Presentation on theme: "What are good problems for learning Curtis Bennett Loyola Marymount University."— Presentation transcript:
What are good problems for learning Curtis Bennett Loyola Marymount University
Expert Novice Differences Factual Knowledge – how it’s classified and remembered. Methodology – Experts know more methods. Response to not knowing (difficulty) – Experts treat not knowing as an opportunity for investigation. Novices tend to treat not knowing as a problem. (Salvatori)
Characteristics of Questions Complexity – level of difficulty. Often –Factual questions are easy. –Methodological questions are medium level. –Dealing with unknown is hard. Time frame to response (mathematics) –Short – 5-10 minutes in class, next day for HW –Medium – Weeklong problem sets. –Long – Term long projects
Investigation Complexity – Time grid. Analyze student responses to different types of problems with different time frames. My mathematics grid has two surprising features: –Giving students longer time frames allows greater student comfort with not knowing –Short frames for hard problems gives students comfort with difficulty too.

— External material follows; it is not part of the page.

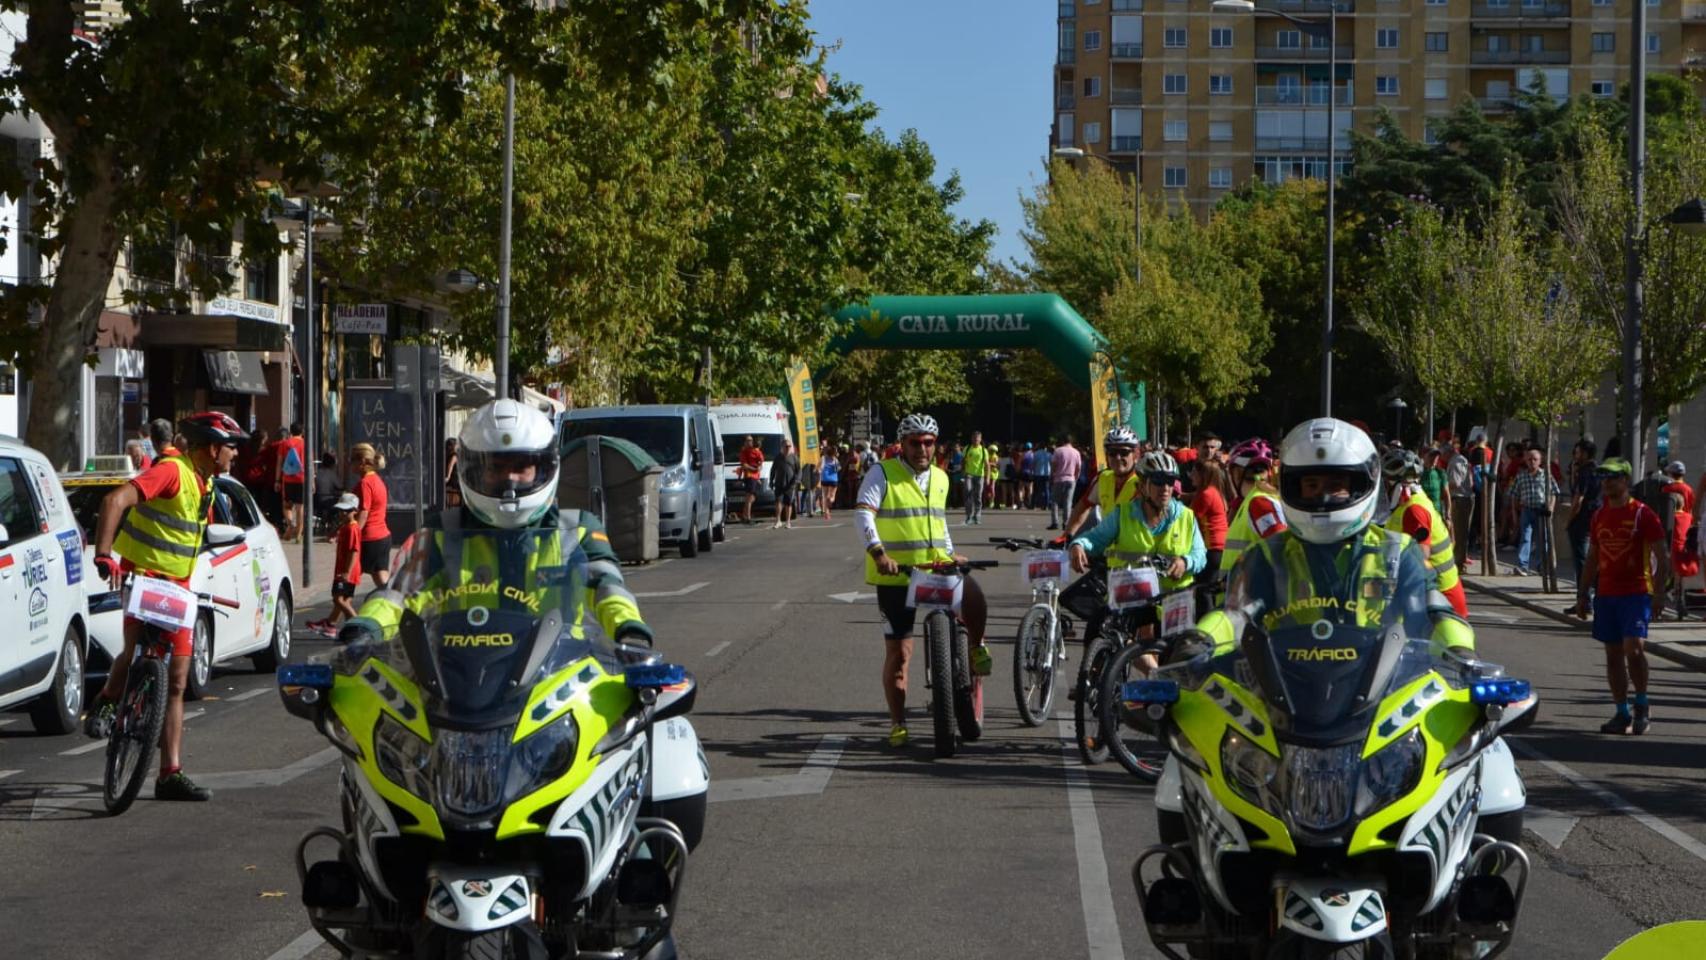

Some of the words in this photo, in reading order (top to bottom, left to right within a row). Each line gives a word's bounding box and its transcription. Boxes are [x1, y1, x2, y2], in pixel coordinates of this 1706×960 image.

Proviso Instructor support is crucial – Long term assignments constant check ins are necessary to keep students from compressing the time frame. Then you can avoid the office hour “dance.” –Short time frame with not knowing – It is crucial that the instructor support not knowing and partial answers as valuable.
Classroom presentation and community Math students rarely see mathematical knowledge as socially constructed. Short frame complex problems can foster a belief, but require community so students see difficulty in the problem, not their own knowledge.
Student Quotes – after short term hard problem class. “Just because the answer isn’t right, doesn’t mean it isn’t useful information.” “Trying to solve something together.” “I have so much to learn from the people around me versus having to be the best.”